A ketone may react with a nucleophilic hydride ion source (e.g., LiAlH or “H”) and, subsequently, a proton source (e.g., H₂O or “H+”) to give a secondary alcohol. Given the labeled ketone, determine the atom that is attacked by the hydride and proton. Which atom is attacked by the hydride ion source H in the first step? 1. H- 2. H+ Which atom is protonated in the second step of the reaction by H+?
The Correct Answer and Explanation is:
In the nucleophilic reduction of a ketone to a secondary alcohol, the reaction proceeds in two main steps involving a hydride ion source (like LiAlH₄ or NaBH₄) and then a proton source (like H₂O or H₃O⁺). Understanding which atoms are involved in each step is crucial to predicting the mechanism and outcome.
Correct Answers:
Step 1 – Nucleophilic attack by H⁻:
→ The hydride ion (H⁻) attacks the carbon atom of the carbonyl group (C=O).
Step 2 – Protonation by H⁺:
→ The negatively charged oxygen atom (O⁻) formed after hydride attack is protonated.
Explanation (Textbook Style):
Ketones contain a carbonyl group (C=O), where the carbon atom is electrophilic due to the electron-withdrawing nature of the double-bonded oxygen. This makes the carbon susceptible to attack by nucleophiles. When a nucleophilic hydride ion source like lithium aluminum hydride (LiAlH₄) or sodium borohydride (NaBH₄) is used, the hydride ion (H⁻) donates a pair of electrons to the electrophilic carbon of the carbonyl group.
In the first step, the hydride ion acts as a nucleophile and attacks the carbon atom of the C=O group. This breaks the π bond of the carbonyl group, resulting in the formation of a tetrahedral alkoxide intermediate. The oxygen now bears a negative charge (O⁻), as it has accepted both bonding electrons from the broken double bond.
In the second step, the reaction mixture is treated with a proton source, such as water or dilute acid.
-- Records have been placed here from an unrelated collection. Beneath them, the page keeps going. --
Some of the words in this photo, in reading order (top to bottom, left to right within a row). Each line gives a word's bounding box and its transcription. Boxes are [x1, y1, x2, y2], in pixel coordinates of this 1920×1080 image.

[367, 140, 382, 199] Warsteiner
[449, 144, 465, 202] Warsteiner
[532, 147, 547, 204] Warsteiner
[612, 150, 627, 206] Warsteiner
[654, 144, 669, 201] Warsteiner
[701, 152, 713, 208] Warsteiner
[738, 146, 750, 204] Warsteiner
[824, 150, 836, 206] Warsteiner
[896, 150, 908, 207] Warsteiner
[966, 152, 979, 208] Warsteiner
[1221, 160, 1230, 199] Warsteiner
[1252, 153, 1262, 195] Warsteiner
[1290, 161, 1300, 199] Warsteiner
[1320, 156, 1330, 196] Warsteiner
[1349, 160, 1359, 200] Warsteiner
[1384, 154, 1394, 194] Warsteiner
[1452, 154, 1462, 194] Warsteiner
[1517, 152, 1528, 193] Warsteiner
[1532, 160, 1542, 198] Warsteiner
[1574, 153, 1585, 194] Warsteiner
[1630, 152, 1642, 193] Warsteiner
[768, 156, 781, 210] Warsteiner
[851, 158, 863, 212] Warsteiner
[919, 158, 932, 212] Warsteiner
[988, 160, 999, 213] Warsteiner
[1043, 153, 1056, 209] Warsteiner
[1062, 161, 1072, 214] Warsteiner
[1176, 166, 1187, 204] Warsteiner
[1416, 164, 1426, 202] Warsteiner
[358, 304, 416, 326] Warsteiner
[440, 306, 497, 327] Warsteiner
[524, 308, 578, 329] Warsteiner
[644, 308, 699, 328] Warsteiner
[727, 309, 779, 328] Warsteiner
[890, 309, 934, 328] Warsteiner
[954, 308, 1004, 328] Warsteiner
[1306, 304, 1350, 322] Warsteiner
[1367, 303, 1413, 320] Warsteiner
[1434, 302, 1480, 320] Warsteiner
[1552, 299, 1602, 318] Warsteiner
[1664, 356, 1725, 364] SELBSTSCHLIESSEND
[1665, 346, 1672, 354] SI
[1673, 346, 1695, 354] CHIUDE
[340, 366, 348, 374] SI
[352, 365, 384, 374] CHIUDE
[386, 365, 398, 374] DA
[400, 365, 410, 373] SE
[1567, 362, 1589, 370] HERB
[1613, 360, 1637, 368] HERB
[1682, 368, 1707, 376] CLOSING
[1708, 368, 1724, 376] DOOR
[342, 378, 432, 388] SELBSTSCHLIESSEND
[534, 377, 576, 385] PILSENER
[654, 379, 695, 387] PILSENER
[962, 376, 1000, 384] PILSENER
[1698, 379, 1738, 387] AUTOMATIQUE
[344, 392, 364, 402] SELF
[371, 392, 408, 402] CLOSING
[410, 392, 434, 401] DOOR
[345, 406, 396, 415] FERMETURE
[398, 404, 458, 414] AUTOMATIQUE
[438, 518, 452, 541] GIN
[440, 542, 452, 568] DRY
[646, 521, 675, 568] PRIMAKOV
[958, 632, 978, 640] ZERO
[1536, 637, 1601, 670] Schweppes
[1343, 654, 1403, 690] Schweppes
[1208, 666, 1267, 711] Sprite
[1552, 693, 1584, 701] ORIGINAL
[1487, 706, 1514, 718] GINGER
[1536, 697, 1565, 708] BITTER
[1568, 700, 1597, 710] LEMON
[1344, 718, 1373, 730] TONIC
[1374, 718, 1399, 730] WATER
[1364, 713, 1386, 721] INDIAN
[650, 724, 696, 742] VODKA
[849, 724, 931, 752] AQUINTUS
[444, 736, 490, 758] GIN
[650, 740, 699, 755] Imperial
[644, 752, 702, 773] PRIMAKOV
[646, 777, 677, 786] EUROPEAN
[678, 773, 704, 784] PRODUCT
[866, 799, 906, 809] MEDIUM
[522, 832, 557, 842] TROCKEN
This provides a proton (H⁺), which is accepted by the negatively charged oxygen atom (O⁻) of the alkoxide intermediate. This step neutralizes the charge and yields a secondary alcohol as the final product.
Thus, the overall transformation involves nucleophilic attack at the carbon atom by H⁻ followed by electrophilic protonation of the oxygen atom by H⁺. This two-step process is a common method for reducing ketones into alcohols in organic synthesis.
Summary:
- Hydride attacks: Carbon (C) of the carbonyl group.
- Protonation occurs at: Oxygen (O⁻) of the intermediate alkoxide.